Pandemic Will Hasten Rush To Online Exec Ed Courses

These are tough times for European business schools. Even the best-known ones lack the huge endowments that some American schools can fall back on and most make only a sliver of profit at the end of a year. Many rely financially on executive education, largely non-degree custom programs designed for companies who generally fly executives to schools in major European cities, where they take residential courses. With travel out of the question, and most businesses seeing income slashed, executive education has been cut to the bone. This is having serious consequences at some well-known schools. 

IMD, based in Lausanne, Switzerland, is famous for its executive education and features at or near the top of the FT’s respected executive education rankings. The school says that 80% of its activities come from non-degree activities for executives, which rises to 90% if you include its executive MBA. Almost all custom programs for the second quarter have been postponed into Q3, Q4, or Q1 of 2021, although the good news is that very few companies have canceled outright. Both its full-time MBA and EMBA have moved online. 

The loss of income in Q2 had the potential to have a huge impact. “We asked ourselves right at the start, is this a blip or a real crisis?” says IMD President Jean-François Manzoni, “and we realized it was a crisis that could have a devastating impact on our organization. You have to remember that our activities are heavily skewed towards non-degree programs and we are independent, which means there is no university or government or other benefactors who is going to bail us out if we run into trouble. So we have to survive this crisis on our own.”

‘WE PLAN TO DO IN THREE MONTHS WHAT WE WOULD HAVE DONE IN THREE YEARS’

IMD President Jean-François Manzoni

IMD President Jean-François Manzoni

Prudent financial management in the past has softened the blow. “We have zero debt, we have our own buildings and we have cash. So our predecessors have managed IMD well, conservatively in some ways, but today this is a blessing. If this lasts three months, we’ll have no problem at all. If we have zero face-to-face revenue for a year, 18 months, then that is a different situation. But we have also identified these scenarios,” says Manzoni. IMD has not laid off any faculty or staff, although they have taken pay-cuts.

How quickly will things turn around? Many clients have told IMD that they want to come to the campus on specific dates, but whether those courses can happen depends on how soon travel bans are lifted. Similarly, some companies remaining on essential travel until the end of 2020 could perturb Open Program attendance. Manzoni says that IMD is preparing to welcome people back to campus, but also preparing for long-term distance delivery of programs.

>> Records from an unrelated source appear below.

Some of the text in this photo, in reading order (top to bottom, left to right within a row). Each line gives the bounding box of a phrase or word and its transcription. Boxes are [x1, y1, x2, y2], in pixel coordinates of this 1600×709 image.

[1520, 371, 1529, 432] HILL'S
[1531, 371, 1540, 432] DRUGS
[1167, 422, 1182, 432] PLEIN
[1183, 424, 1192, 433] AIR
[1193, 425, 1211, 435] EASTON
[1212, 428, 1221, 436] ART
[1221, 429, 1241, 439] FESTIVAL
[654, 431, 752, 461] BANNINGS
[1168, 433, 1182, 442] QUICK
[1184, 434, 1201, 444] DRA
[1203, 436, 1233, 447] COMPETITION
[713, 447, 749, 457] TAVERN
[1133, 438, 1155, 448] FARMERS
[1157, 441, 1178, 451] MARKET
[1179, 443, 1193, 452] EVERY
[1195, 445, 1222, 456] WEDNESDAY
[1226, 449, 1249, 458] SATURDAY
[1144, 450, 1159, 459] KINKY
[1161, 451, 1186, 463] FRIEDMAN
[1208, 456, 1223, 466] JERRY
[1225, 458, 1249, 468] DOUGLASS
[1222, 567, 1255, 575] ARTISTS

Manzoni says that IMD quickly decided to use this crisis to accelerate its evolution. “I would have preferred this not to happen, but as a matter of policy I don’t argue with reality,” he says. “We plan to do in three months what we would have done in three years” in terms of developing virtual offerings, he explains. All faculty were on Zoom within 48 hours of a lockdown being announced, and they have quickly adopted other hard- and software, including the provision of rooms specifically developed for distance teaching providing a “face-to-face” experience. “We saw it as a crisis, yes, but also an opportunity,” says Manzoni. IMD is also offering free content about leading in turbulent times – see link at the end of this article.

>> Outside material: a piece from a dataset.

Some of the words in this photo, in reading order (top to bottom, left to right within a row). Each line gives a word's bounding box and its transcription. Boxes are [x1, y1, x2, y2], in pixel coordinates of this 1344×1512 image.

IESE EXPECTS A 15% HIT TO ITS EXECUTIVE EDUCATION REVENUES THIS YEAR

Other schools that rely heavily on executive education are also suffering – but adapting. IESE, based in Barcelona, Spain, postponed most of its executive education programs in March and expects that revenues will go down by about 15% this year as a result. “Obviously, the financial impact will be significant sector-wide, given the restrictions on travel, uncertain context, etc. Given that context, like other schools we are taking measures now to help us buffer the crisis, with a view to the long term,” says IESE. 

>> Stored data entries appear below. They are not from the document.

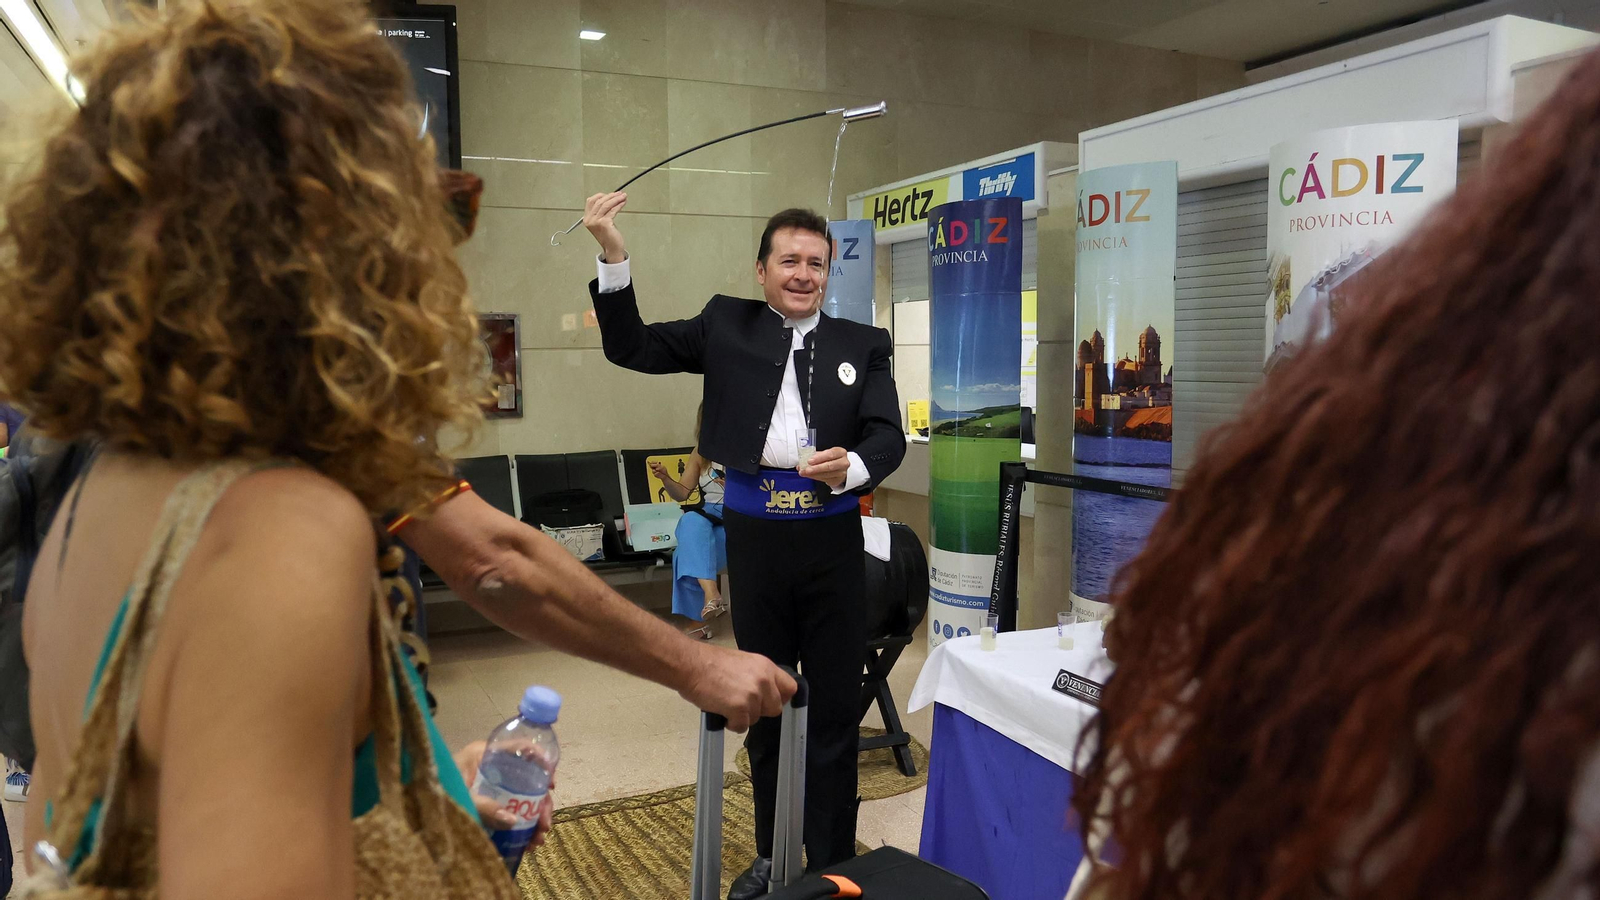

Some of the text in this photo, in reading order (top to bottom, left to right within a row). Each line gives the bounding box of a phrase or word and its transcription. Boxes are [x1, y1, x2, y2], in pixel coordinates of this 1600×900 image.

[388, 29, 413, 38] parking
[1278, 151, 1425, 207] CÁDIZ
[873, 187, 934, 228] Hertz
[1077, 188, 1151, 228] ÁDIZ
[1289, 210, 1394, 233] PROVINCIA
[928, 216, 1009, 252] CÁDIZ
[1077, 236, 1128, 252] OVINCIA
[931, 249, 988, 268] PROVINCIA

The school has had to make redundancies – but only nine people from a staff of 600, and all of these were in its New York operation. IESE says that it will “cut budget expenditures in different areas for the next few months” and that staff has taken a pay-cut averaging at 11 percent on a sliding scale, with higher earners taking a bigger cut. In recent years IESE has opened outposts in New York, Munich, and Sau Paolo, which cost money to run. Like many European schools, it relies heavily on international students, which account for 85% of participants on its full-time MBA. How this affects the school’s recruitment for next year remains to be seen. 

INSEAD, which has campuses in Fontainebleau, just outside Paris, and Singapore, is another executive education-heavy school that has also been forced to cancel or postpone all on-campus programs, although it has also quickly created a series of online courses designed to help executives manage in these turbulent times. “We are also working with existing clients to deliver programs remotely and have even seen new clients coming to us to co-develop programs relevant to the current environment. We have also developed virtual coaching packages to help senior leaders make decisions at this difficult time,” according to the school. 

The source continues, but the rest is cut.